[THE PROBLEM] Each record below must be retyped exactly, with nothing left out.

[DATA PROVIDED]
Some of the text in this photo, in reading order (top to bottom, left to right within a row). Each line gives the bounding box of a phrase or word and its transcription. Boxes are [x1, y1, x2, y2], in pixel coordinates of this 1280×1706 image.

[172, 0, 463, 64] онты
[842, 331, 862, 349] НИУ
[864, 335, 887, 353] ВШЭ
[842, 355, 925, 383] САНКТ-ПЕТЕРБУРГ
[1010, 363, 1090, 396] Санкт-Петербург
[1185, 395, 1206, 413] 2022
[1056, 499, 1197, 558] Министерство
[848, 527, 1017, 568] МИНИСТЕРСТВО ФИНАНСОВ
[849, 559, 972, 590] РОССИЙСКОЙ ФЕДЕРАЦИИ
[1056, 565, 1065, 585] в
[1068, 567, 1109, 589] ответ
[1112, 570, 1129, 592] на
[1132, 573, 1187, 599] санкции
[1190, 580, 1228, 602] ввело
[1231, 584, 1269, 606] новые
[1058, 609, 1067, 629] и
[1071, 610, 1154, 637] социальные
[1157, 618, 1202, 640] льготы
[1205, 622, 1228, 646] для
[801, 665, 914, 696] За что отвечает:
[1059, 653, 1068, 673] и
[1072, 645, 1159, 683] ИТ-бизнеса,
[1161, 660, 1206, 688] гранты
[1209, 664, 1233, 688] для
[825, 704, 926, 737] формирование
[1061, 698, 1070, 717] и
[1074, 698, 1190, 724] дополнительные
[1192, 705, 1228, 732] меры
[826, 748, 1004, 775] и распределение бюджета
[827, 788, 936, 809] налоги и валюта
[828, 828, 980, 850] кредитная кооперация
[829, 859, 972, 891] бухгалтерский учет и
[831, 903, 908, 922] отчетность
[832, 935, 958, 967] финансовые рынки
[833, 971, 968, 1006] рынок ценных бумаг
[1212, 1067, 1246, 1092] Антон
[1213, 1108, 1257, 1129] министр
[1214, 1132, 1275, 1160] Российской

[WRITTEN ANSWER]
Some of the text in this photo, in reading order (top to bottom, left to right within a row). Each line gives the bounding box of a phrase or word and its transcription. Boxes are [x1, y1, x2, y2], in pixel coordinates of this 1280×1706 image.

[172, 0, 463, 64] онты
[842, 331, 862, 349] НИУ
[864, 335, 887, 353] ВШЭ
[842, 355, 925, 383] САНКТ-ПЕТЕРБУРГ
[1010, 363, 1090, 396] Санкт-Петербург
[1185, 395, 1206, 413] 2022
[1056, 499, 1197, 558] Министерство
[848, 527, 1017, 568] МИНИСТЕРСТВО ФИНАНСОВ
[849, 559, 972, 590] РОССИЙСКОЙ ФЕДЕРАЦИИ
[1056, 565, 1065, 585] в
[1068, 567, 1109, 589] ответ
[1112, 570, 1129, 592] на
[1132, 573, 1187, 599] санкции
[1190, 580, 1228, 602] ввело
[1231, 584, 1269, 606] новые
[1058, 609, 1067, 629] и
[1071, 610, 1154, 637] социальные
[1157, 618, 1202, 640] льготы
[1205, 622, 1228, 646] для
[801, 665, 914, 696] За что отвечает:
[1059, 653, 1068, 673] и
[1072, 645, 1159, 683] ИТ-бизнеса,
[1161, 660, 1206, 688] гранты
[1209, 664, 1233, 688] для
[825, 704, 926, 737] формирование
[1061, 698, 1070, 717] и
[1074, 698, 1190, 724] дополнительные
[1192, 705, 1228, 732] меры
[826, 748, 1004, 775] и распределение бюджета
[827, 788, 936, 809] налоги и валюта
[828, 828, 980, 850] кредитная кооперация
[829, 859, 972, 891] бухгалтерский учет и
[831, 903, 908, 922] отчетность
[832, 935, 958, 967] финансовые рынки
[833, 971, 968, 1006] рынок ценных бумаг
[1212, 1067, 1246, 1092] Антон
[1213, 1108, 1257, 1129] министр
[1214, 1132, 1275, 1160] Российской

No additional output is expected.